Come riportato nell’articolo del Jewish Daily Forward, Rosen – che conosceva Shapiro, il bambino israeliano – non ha nemmeno provato a cercare un bambino palestinese per ottenere lo scatto con l’abbraccio reciproco con Shapiro, perché difficilmente avrebbe trovato qualcuno disposto a farsi fotografare mentre abbracciava un ebreo. «I rapporti si erano completamente interrotti dopo la prima Intifada e i palestinesi erano veramente spaventati a farsi vedere in giro con degli israeliani, perché i collaboratori venivano uccisi», ha spiegato. Allora Rosen avvicinò un amico di Shapiro – Aloni, un bambino israeliano di origini mediorientali – per chiedergli di indossare la kefiah e farsi fotografare mentre abbracciava il suo amico Shapiro. Il Jewish Daily Forward si è messo in contatto anche con Shapiro, che oggi ha 32 anni, mentre Aloni ne ha 33: hanno continuato a essere amici e a frequentarsi fino agli anni del servizio militare, prima di perdersi di vista. «Ricki ci disse di parlare l’uno con l’altro ed è anche buffo, perché non penso che ci saremmo necessariamente abbracciati in quel modo lì», ha detto Shapiro spiegando la posizione che la fotografa Rosen chiese a lui e ad Aloni di assumere per lo scatto fotografico.
Uno degli aspetti più inverosimili, e che nel corso degli anni hanno generato maggiori sospetti riguardo l’autenticità della foto, è il fatto che la kefiah indossata da Aloni è un copricapo tradizionalmente indossato daagli arabi adulti e non dai bambini. «Si trattava di una foto simbolica, non era mai stata pensata come una fotografia documentaria», ha spiegato Rosen al Jewish Daily Forward. Anche per Shapiro – che oggi vive negli Stati Uniti – fu sostanzialmente una messinscena, dato che la sua famiglia non era religiosa e lui non indossava la kippah.

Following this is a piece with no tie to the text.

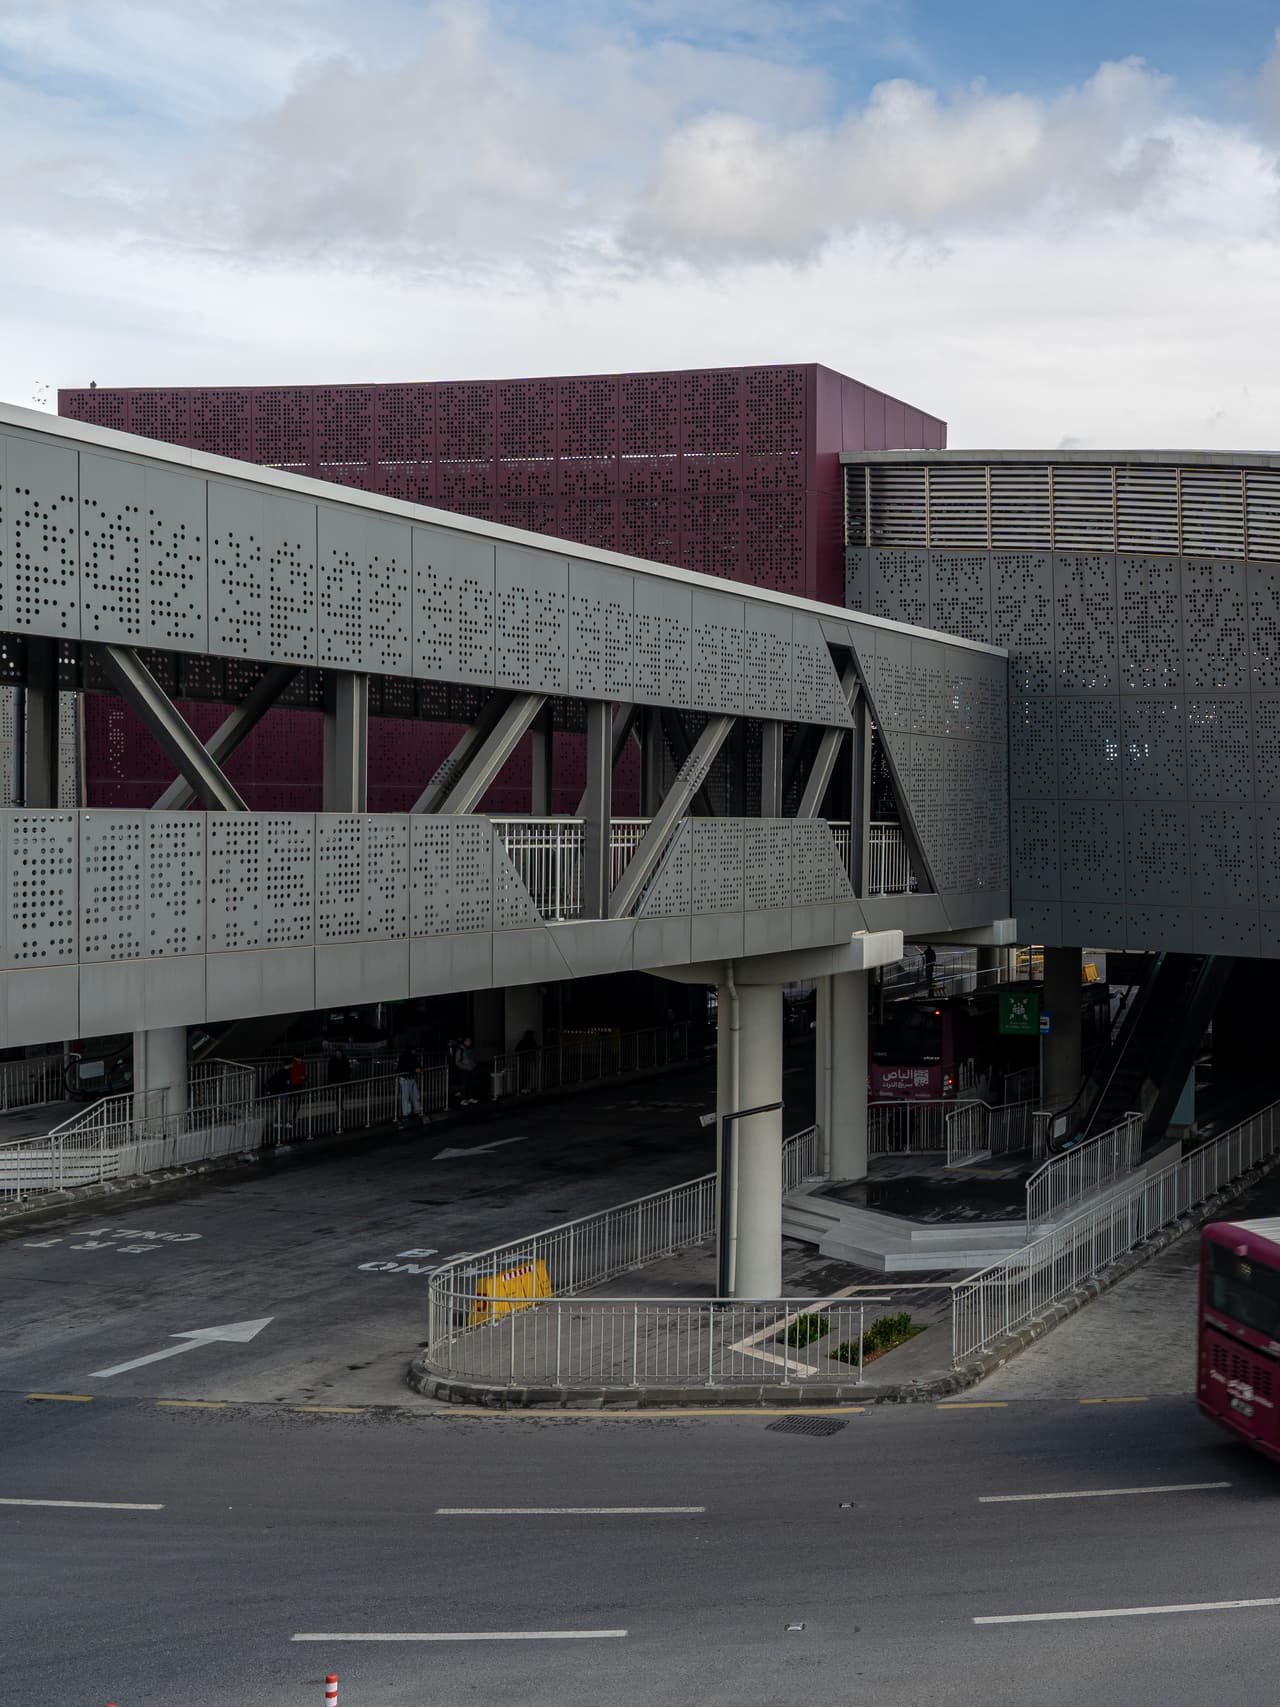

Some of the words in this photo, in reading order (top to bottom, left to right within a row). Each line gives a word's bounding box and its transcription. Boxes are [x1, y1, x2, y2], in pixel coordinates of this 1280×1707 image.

Riguardo l’autenticità della fotografia, Rosen ha detto: «Penso che oggi sia probabilmente meno accettabile di quanto non lo fosse all’epoca. Una delle cose che provo oggi è solo una certa tristezza. C’è stato un breve periodo in cui questa foto non sembrava così inverosimile come appare oggi… penso che nella foto ci sia una sincera fiducia per una soluzione pacifica, la convinzione che ci possa essere non soltanto pace ma solidarietà e vera amicizia». Anche Aloni – che oggi vive con sua moglie a Nahalal, vicino Haifa – la pensa più o meno come Shapiro, e al Jewish Daily Forward ha detto che la fotografia oggi è un “wishful thinking”: «All’epoca era quasi una realtà, e ora è una visione».
La fotografia di Rosen fu digitalizzata nel 2002 come parte del portfolio della fotografa da parte della statunitense Corbis Images, un’azienda di Seattle che si occupa anche della gestione delle licenze. Nell’archivio Corbis la fotografia è indicizzata in modo molto generico – “Dicembre 1993: un bambino israeliano e uno palestinese camminano abbracciandosi” – e da nessuna parte viene scritto che si tratta di una foto creata ad arte. Come spiegato nell’articolo del Jewish Daily Forward, la maggior parte delle numerosissime riproduzioni di questa foto nel corso degli anni – compresa quella di Rihanna – sono avvenute senza che Rosen o l’azienda Corbis lo abbiano mai consentito o anche soltanto saputo. In certi casi la fotografia si trova su alcuni siti che la riportano come protetta da licenza Creative Commons e Rosen non ha mai autorizzato la concessione di una licenza di questo tipo.